Calgary Herald
Tuesday, September 02, 2008
However much of a mess it has made of Libya, the Gadhafi family certainly puts on a diverting show. Like a television serial with several sub-plots, the drama involving Moammar Gadhafi, who has run his oil-rich state since seizing power 39 years ago, and his eight children, manages to sustain suspense even as the story twists in different directions at once.
For the past few years, a striking sub-plot has been Libya's emergence from the international isolation brought by its involvement in terrorism in the 1980s.
This story has now taken a final happy turn with the inking of an agreement with the United States to settle all outstanding legal claims between the two countries.

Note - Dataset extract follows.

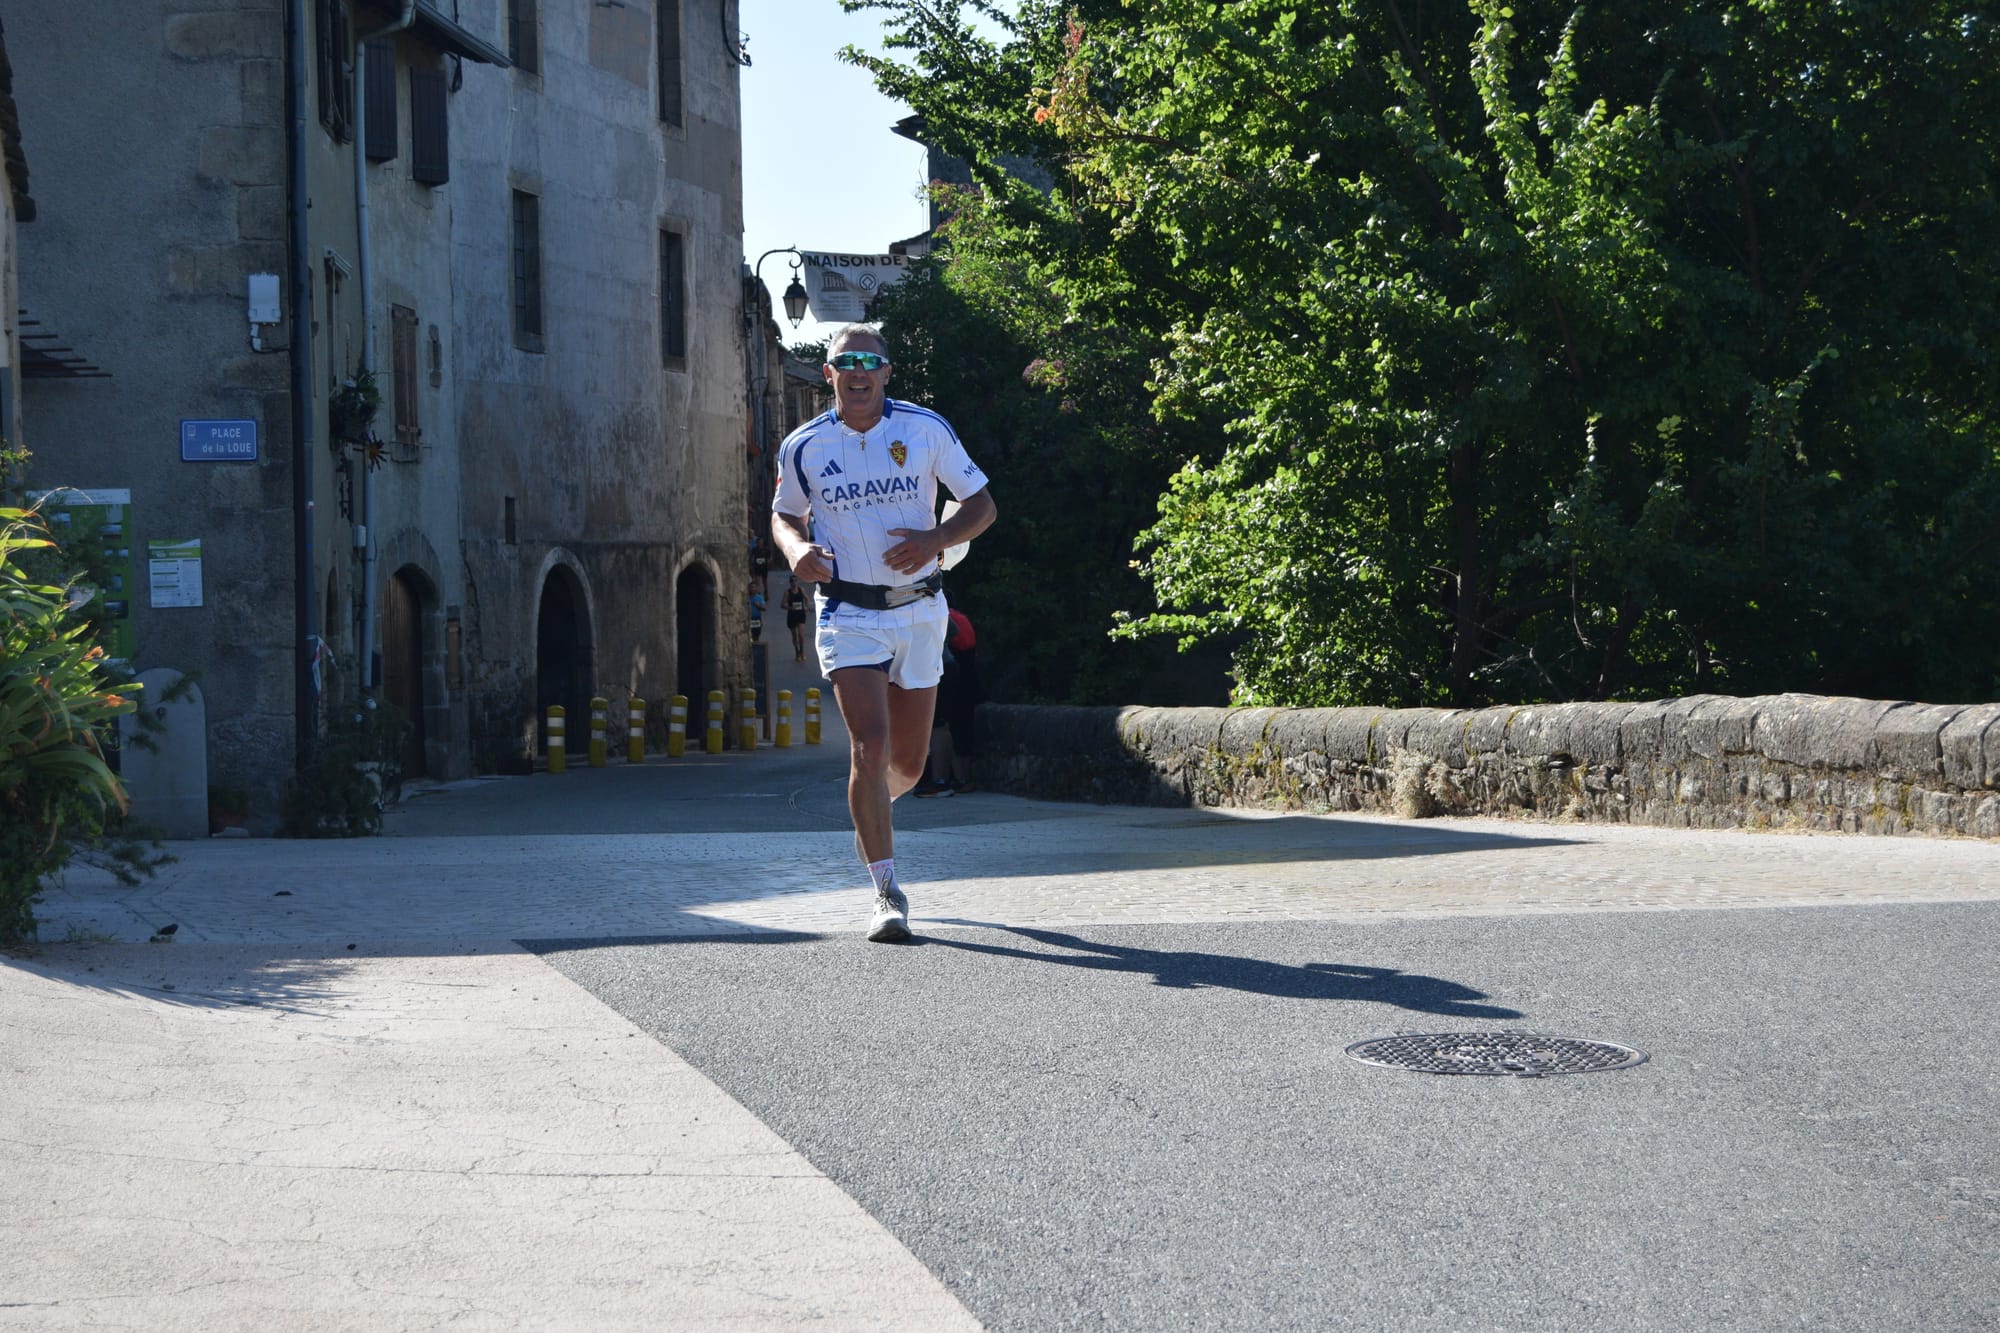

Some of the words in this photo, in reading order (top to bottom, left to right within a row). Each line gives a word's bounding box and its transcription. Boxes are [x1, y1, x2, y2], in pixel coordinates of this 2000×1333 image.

A compensation fund, likely to be filled by a mix of Libyan oil money and "donations" from big American firms keen to do business with Libya, will now pay the remaining compensation to American victims of the PanAm aircraft blown up over the Scottish town of Lockerbie in 1988 and for other Libyan-sponsored attacks, as well as for 40-plus Libyans killed by an American bombing raid in 1986 in retaliation for an earlier terrorist incident.
The deal opens the way to a full restoration of diplomatic ties, severed in 1980, and marks the final stage of a process begun in 2001 to reintegrate Libya into the international community.
American Secretary of State Condoleezza Rice is expected to visit Libya this month, the first such visit by so senior an American diplomat since 1953.
Though American qualms linger over Libya's nasty treatment of dissidents, the step is seen as a necessary reward for Gadhafi's close co-operation in fighting jihadist terrorism and his decision in 2003 to dismantle a program to develop nuclear and chemical weapons.
Another long-running drama involves a challenge to the elder Gadhafi from his urbane son, Seif al-Islam.
A 35-year-old engineer who dabbles in painting and espouses such causes as environmentalism and human rights, he has emerged as a champion of a different vision for Libya, which most Libyans heartily agree has been dreadfully mismanaged under the dictatorship disguised behind his father's quirky ideology of "direct democracy."
Some of the younger Gadhafi's initiatives have had a degree of success. Like his father, he has held no official position.
But Engineer Seif, as he is known, has been credited with solving such tricky issues as last year's release of Bulgarian medical workers, whom the Libyan authorities had jailed on charges of infecting hundreds of children with AIDS.
He has promoted freer public debate, financing Libya's first privately owned newspapers and television stations, and encouraging the return of exiled dissidents. He has also been careful to shield his father from direct criticism.
Yet, despite the easing of blanket censorship, the passage of some market reforms, surging state earnings from oil and a growing openness to the outside world, the government is still chaotic, oppressive and opaque.
In recent speeches, Seif has sounded increasingly impatient with the slowness of change; many Libyans think he had begun to tread on important toes, including those of some of his siblings.
In a wide-ranging address to thousands of youths Aug. 20, he decried the "forest of dictatorships" characterizing the region and the tendency for sons to inherit their fathers' throne. He then stunned the audience by declaring that he planned to step aside from politics.
Opinions divide over what prompted this move. Made cynical by decades of the older Gadhafi's antics, many Libyans think his son's abdication is a stunt. As evidence they point to the eruption of "spontaneous" demonstrations in Libyan cities, where protesters have pleaded for the elder Gadhafi to intervene and persuade his son to return to the fray.
Others take the younger man's decision more seriously, as a sign that his lower-profile younger brother, Mutasim, a powerful figure in Libya's security agencies, has quietly moved to demote his would-be reformist brother.
Only Gadhafi senior can provide Libyans with the clues they're looking for, as to which son may win his blessing, in one of the rambling speeches for which he is known.
One sure thing is that it will not be the fifth one, Hannibal.
In another running sub-plot, he was arrested in July, yet again, in embarrassing circumstances, while on holiday in Europe.
After previous brushes with the law in Britain, France, Italy and the Netherlands, he was charged in Switzerland with beating up two hotel servants.